Through this amendment, the legislator seems to have listened to the several requests coming from many operators of the real estate sector, who have long been expressing the need to overcome the rigidity of the lease system imposed by current Italian Laws. Such system is based on a very high level protection of the lessee (always considered "weaker party") from lessors’ (always considered "strong party") abuses in "large" commercial leases where, often, the lessee is a multinational company that does not require the protection provided to small operators. Through such amendment, the parties of a lease agreement:
(i)which provides for an annual rent higher than € 250,000.00 and which
(ii)does not regard premises qualified as of historical interest, as a result of regional or municipal decisions,
may derogate from the rules provided for by Italian law on lease agreements.
In this regard, it should be emphasized that before the conversion of the Decree into law, the threshold of the annual rent was set at € 150,000.00 and the “premises qualified as of historical interest” were not excluded from the leases liberalization.
The legislator, clearly and as stated in the dossier no. 177 of the Research Department of the Senate (“Servizio Studi del Senato”) on the law of conversion, intended to "restrict the scope of the provision" both, by raising the limit of the annual rent and by excluding from the liberalization the premises qualified as of historical interest, under a regional or municipal decision.
In the latter respect, the exclusion, as worded in the Decree, seems to refer to the competence and to the regional and municipal laws in the field of trade and, in particular, to the granting of the historical interest qualification to those local premises where commercial activities of particular historical and artistic interest are carried out and not to the "declaration of cultural interest", set forth in article 13 of Legislative Decree no. 42 of January 22, 2004 (“Codice dei beni culturali e del paesaggio”), which, as a matter of fact, is adopted by a decision of the Ministry for Cultural Assets and Activities (“Ministero per i beni e le attività culturali”). On the other side, with regard to the merits of the possible derogations to the rules on leases, it should be highlighted that some of the mandatory rules that applied to “large” commercial leases, where the lessees were expert and financially strong parties, and that most jeopardized the parties’ freedom to arrange their agreements, to the detriment of the best protection of their interests, were the following:
(a)minimum duration of the lease (Article 27 of Law 392/1978): six years for commercial leases and nine years for the hotels, with an additional constraint that the lessor could prevent the renewal before the first deadline only in some limited cases;
(b)right of withdrawal of the lessee (Article 27 of Law 392/1978): the lessee has the right to withdraw from the agreement, without exceptions, for "serious reasons" and the Italian Courts have adopted a very broad concept of "serious reasons". This rule has understandably often frightened international funds and investors and prevented several structured finance transactions. This was also due to the fact that the certainty of cash flows from the lease payments was subject to the risks arising from the interpretation of the seriousness of the withdrawal reasons, left to Italian Courts’ decisions;
(c)rent indexation (Article 32 of Law 392/1978) for the leases with a duration not exceeding the minimum referred to in paragraph a): the indexation adjustment cannot exceed 75% of the ISTAT consumer price index for families of workers and employees. This limitation, of course, helped to make investments unattractive for financially strong parties ;
(d)compensation for loss of goodwill (Article 34 of Law 392/1978): if the lessee performed an activity involving contact with the public of users and consumers, in the event of termination of the lease for reasons other than the lessee’s default, withdrawal or termination, the lessee has the right to receive a compensation;
(e)preemption right to purchase (Article 38 of Law 392/1978): if the lessee performed an activity involving contact with the public of users and consumers, in case of sale of the property the lessee has a preemption right to purchase that property;
(f)preemption right for a new lease agreement (Article 40 of Law 392/1978): if the lessor intends to lease the property to a third party at the expiry of the lease agreement the (former) lessee has a preemption right to lease the property.

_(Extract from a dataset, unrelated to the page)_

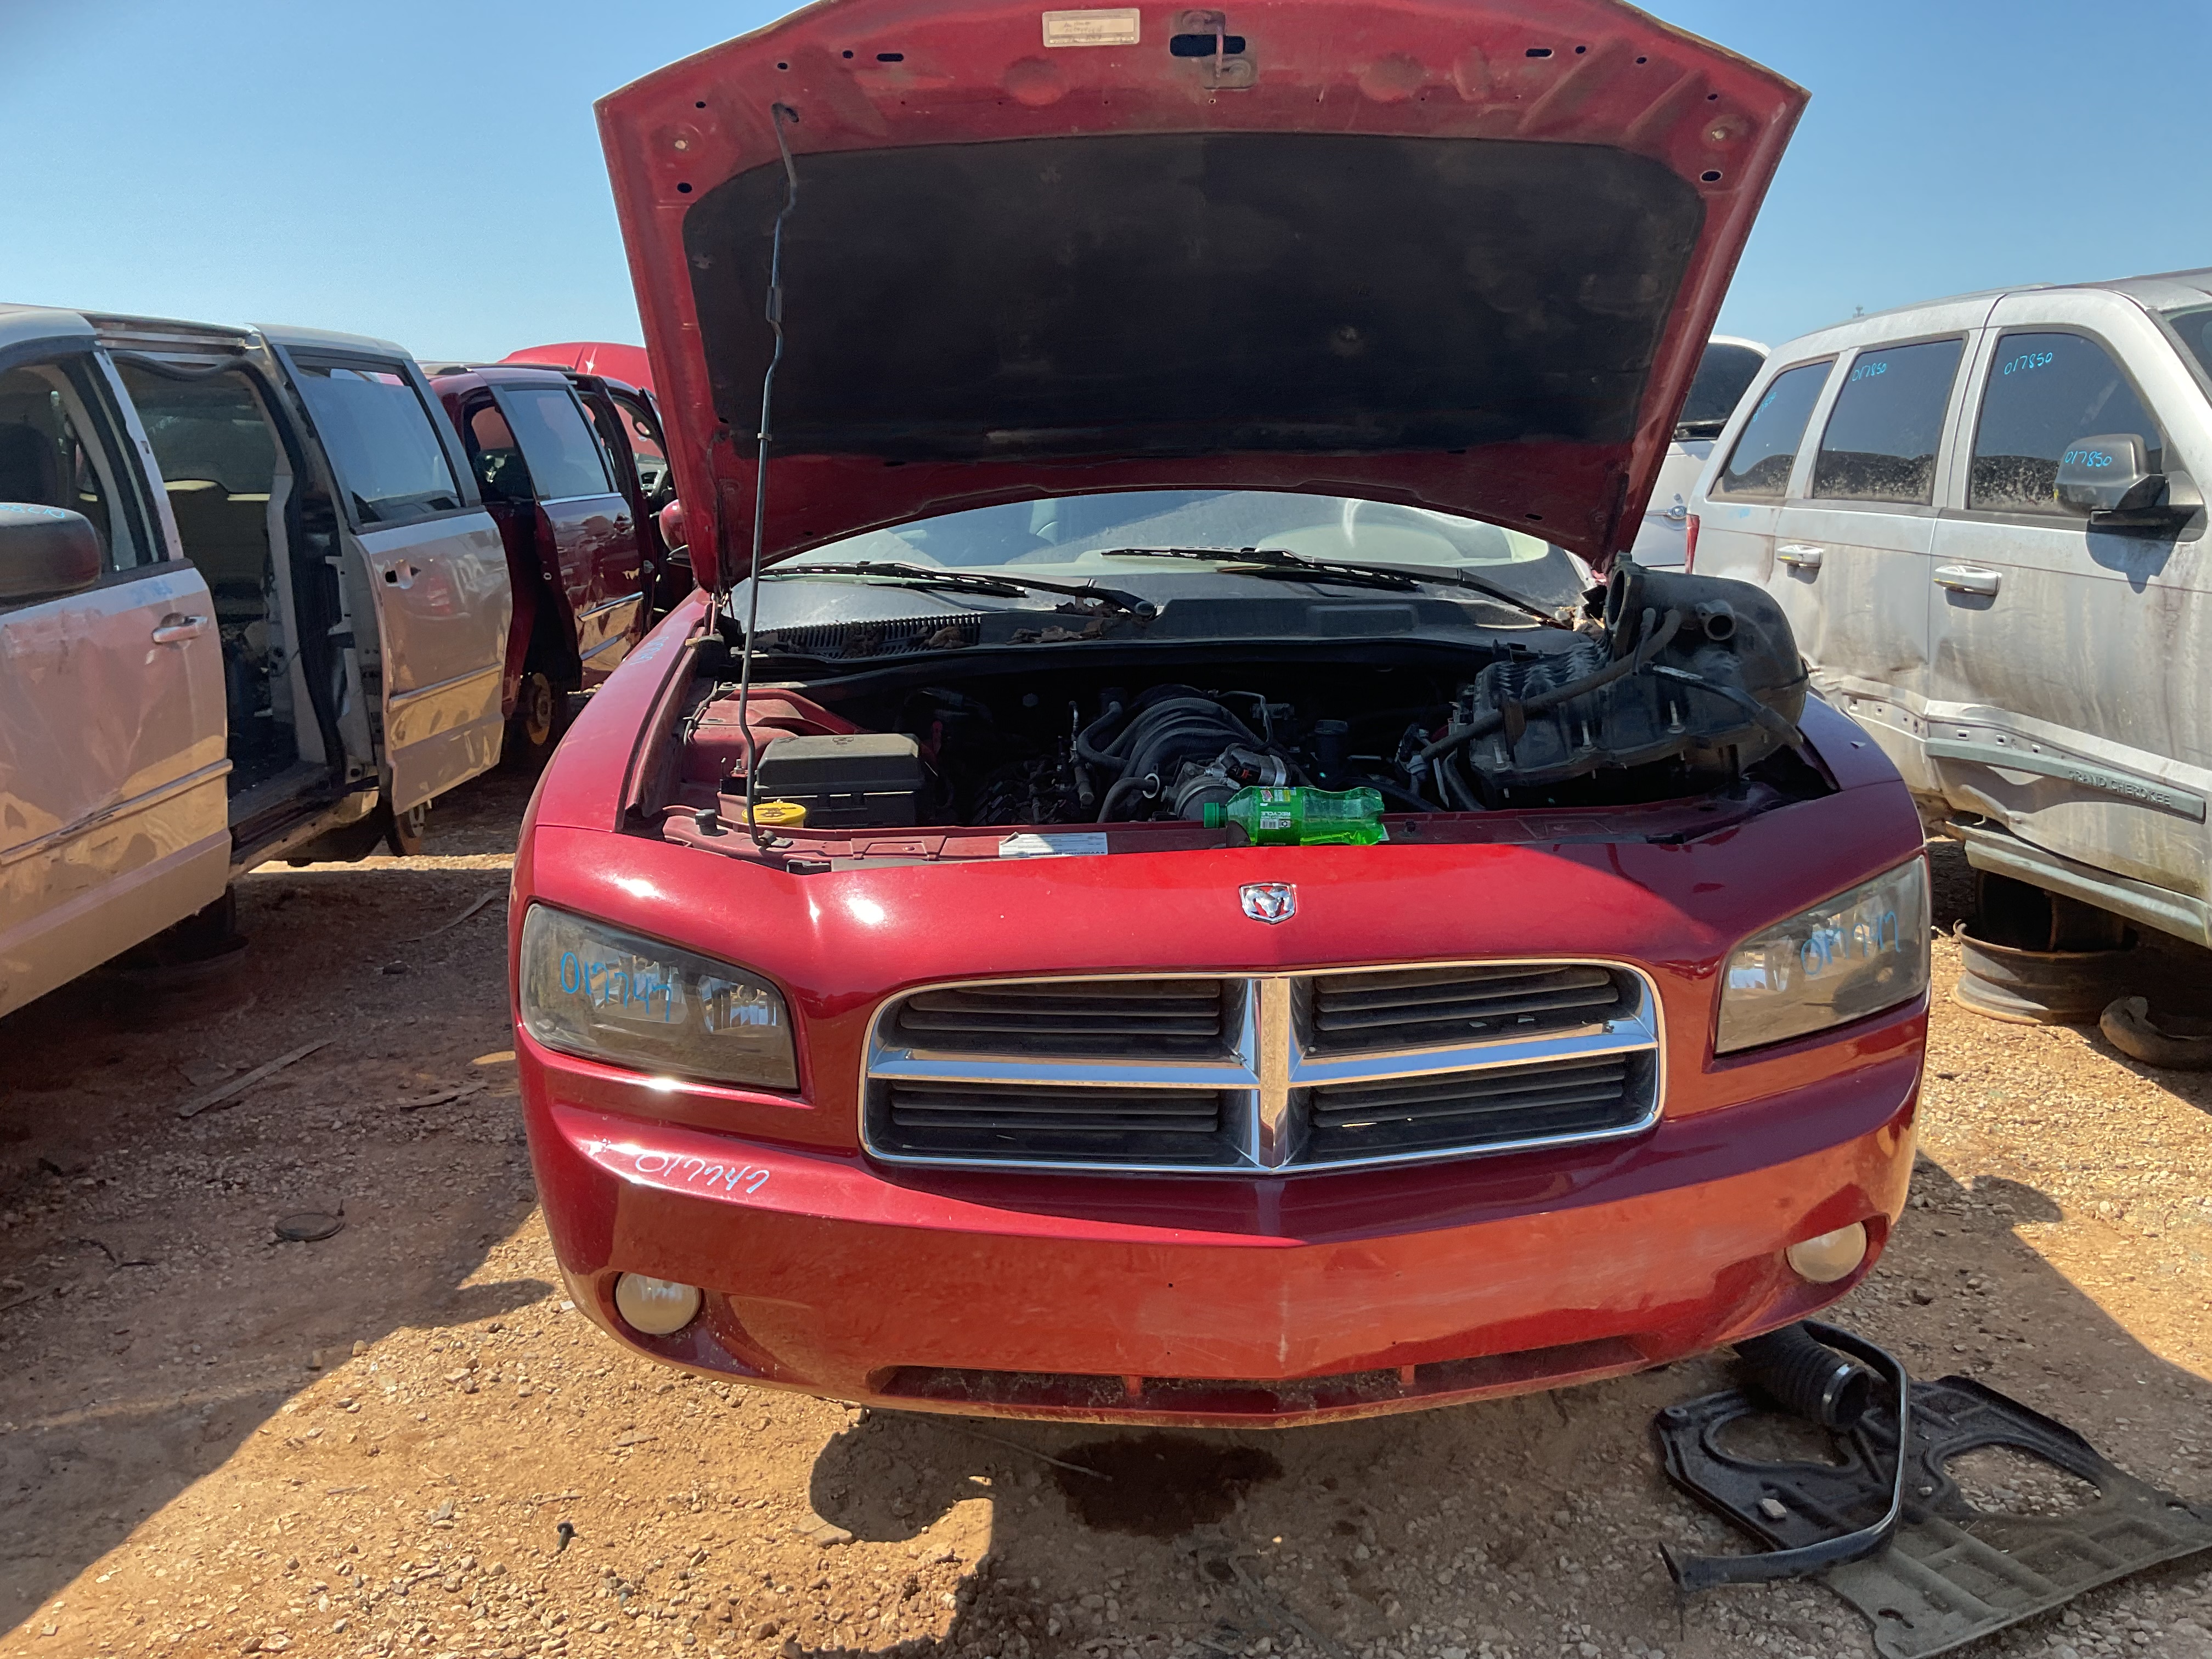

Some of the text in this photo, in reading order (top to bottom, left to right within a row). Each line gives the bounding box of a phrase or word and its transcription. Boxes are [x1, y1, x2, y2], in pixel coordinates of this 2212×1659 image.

The above mandatory provisions were limitations that could hinder the decision to invest in Italy, as - for example - being subject to the right of withdrawal for serious reasons prevented investors from achieving certainty on the cash flows arising from a lease agreement, with all the consequent issues on the ability to use lease receivables for future financing transactions, discounting of bills and receivable assignments.

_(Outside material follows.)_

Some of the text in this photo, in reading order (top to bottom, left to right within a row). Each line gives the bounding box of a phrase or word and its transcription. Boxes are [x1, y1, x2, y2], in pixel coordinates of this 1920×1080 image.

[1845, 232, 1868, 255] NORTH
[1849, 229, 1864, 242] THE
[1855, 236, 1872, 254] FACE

The amendment should, presumably, help to align the Italian system with other European countries and attract more international investors, enabling them to use the standard contractual formats prevailing on International real estate markets for their Italian investments.
For the sake of completeness, we point out that the above considerations where also made, in part, in the Explanatory Report, which accompanied the draft of Legislative Decree, attached to the Stability Law 2014, presented to the Council of Ministers in November of last year and which already contained the above amendments: "The rules in force date back, for the most part, to the original law on the “equo canone” (fair rent) (Law 382/1978) and, despite some reforming measures, they continue to present significant elements of rigidity that are not aligned to the main European countries. Furthermore, the evolution of the economic system has shown that the original protection requirements, where the lessee was considered a priori the "weaker party", are largely overcome. The current restrictive legislation limits the freedom of the parties to freely agree on their contractual relationship, predetermining it in many essential elements (e.g. constraints on the duration of the contract, mandatory provisions for the lessee withdrawal, limitations on rent adjustments, mandatory pre-emption provisions, etc.). Such rigidities make investing in the Italian market unattractive, when compared to foreign markets, and hinder the development of the Italian market of commercial leases and properties for tourist use".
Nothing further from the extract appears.